But why? I understand that part of it.
 
  • #4
According to the BCS theory, superconducting phenomena occur when two electrons couple to form a Cooper pair (http://hyperphysics.phy-astr.gsu.edu/hbase/Solids/coop.html).

Kevin A. Delin and Terry P. Orlando in Chapter 122 „Superconductivity“ in „The Engineering Handbook“ (ed. Richard C. Dorf):

“If we prevent the Cooper pairs from forming by ensuring that all the electrons are at an energy greater than the binding energy, we can destroy the superconducting phenomenon. This can be accomplished, for example, with thermal energy. In fact, according to the BCS theory, the critical temperature, ##T_c##, associated with this energy is

$$\frac {2\Delta} {k_BT_c} \approx 3.5$$

where ##k_B## is Boltzmann’s constant.
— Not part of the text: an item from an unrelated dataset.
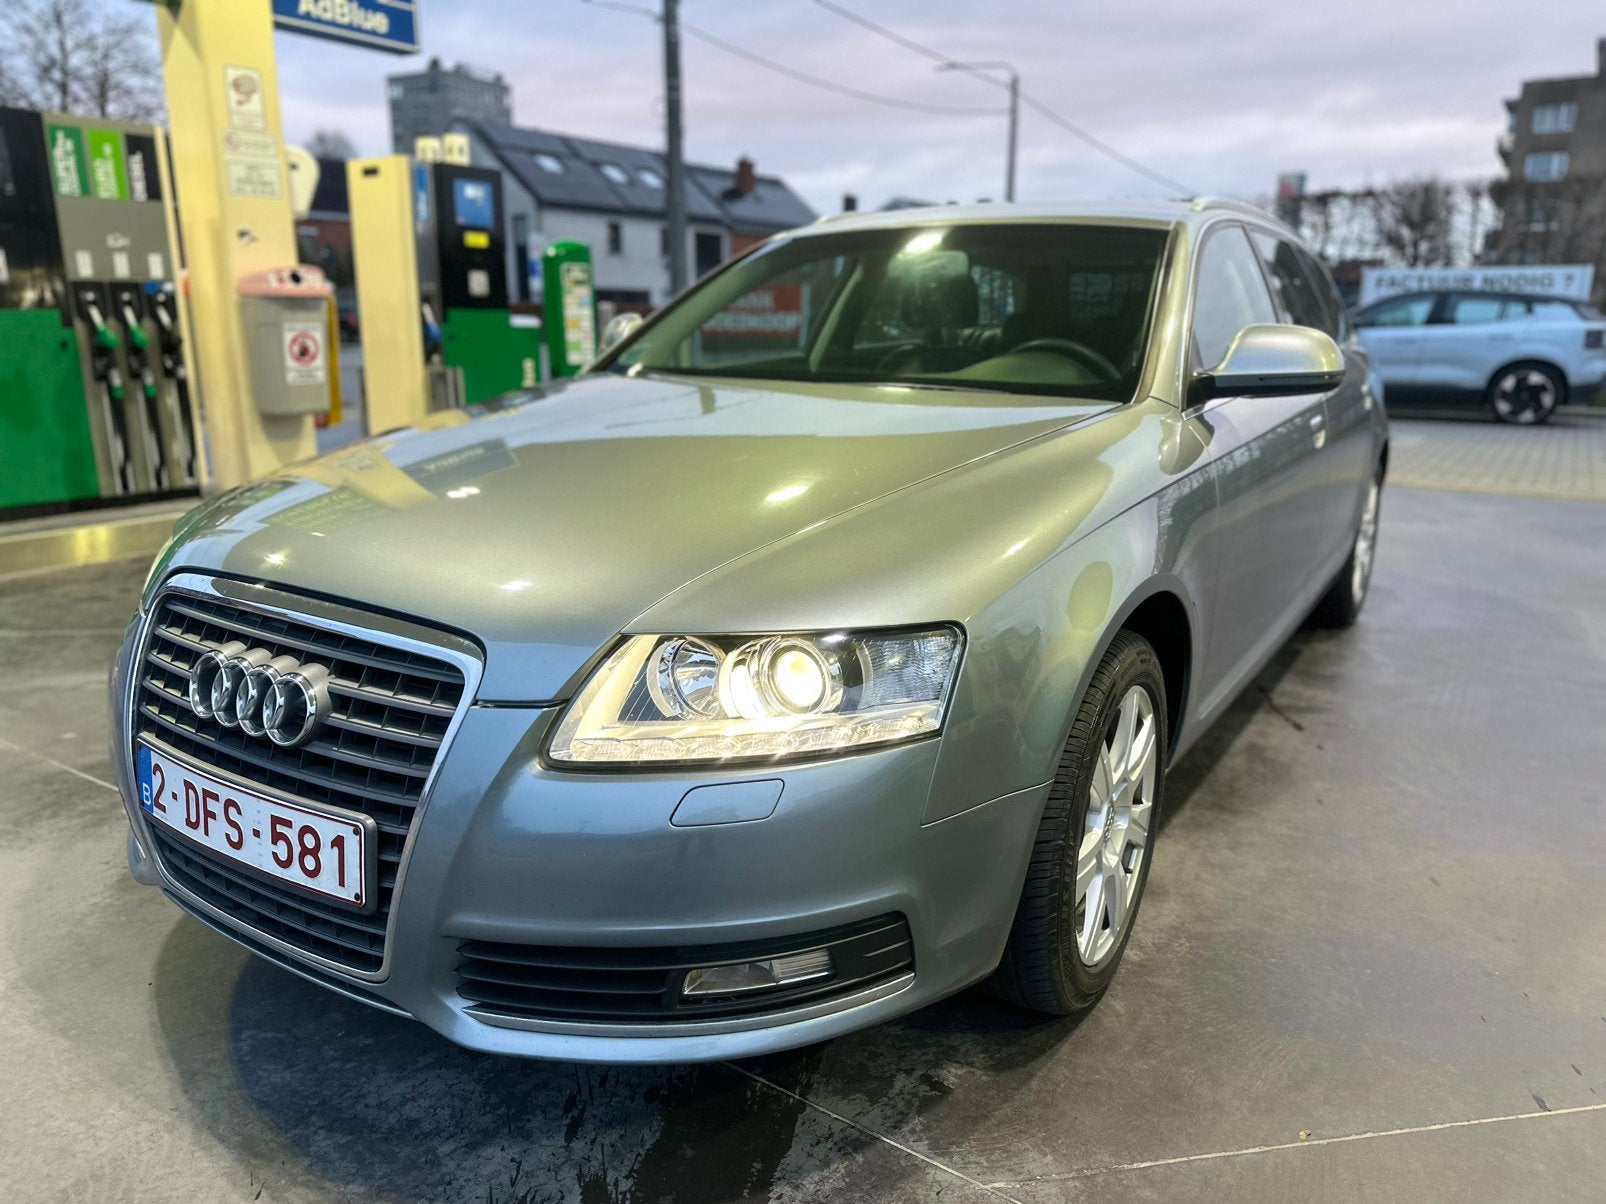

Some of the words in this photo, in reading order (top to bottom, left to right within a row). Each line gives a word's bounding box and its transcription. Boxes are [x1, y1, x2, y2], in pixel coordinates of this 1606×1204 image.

For low critical temperature (conventional) superconductors, ##2Δ## is typically on the order of ##1 meV##, and we see that these materials must be kept below temperatures of about ##10 K## to exhibit their unique behavior. Superconductors with high critical temperature, in contrast, will superconduct up to temperatures of about ##100 K##, which is attractive from a practical view because the materials can be cooled cheaply using liquid nitrogen. A second way of increasing the energy of the electrons is electrically driving them. In other words, if the critical current density, ##J_c##, of a superconductor is exceeded, the electrons have sufficient kinetic energy to prevent the formation of Cooper pairs. The necessary kinetic energy can also be generated through the induced currents created by an external magnetic field. As a result, if a superconductor is placed in a magnetic field larger than its critical field, ##H_c##, it will return to its normal metallic state. To summarize, superconductors must be maintained under the appropriate temperature, electrical current density, and magnetic field conditions to exhibit its special properties.”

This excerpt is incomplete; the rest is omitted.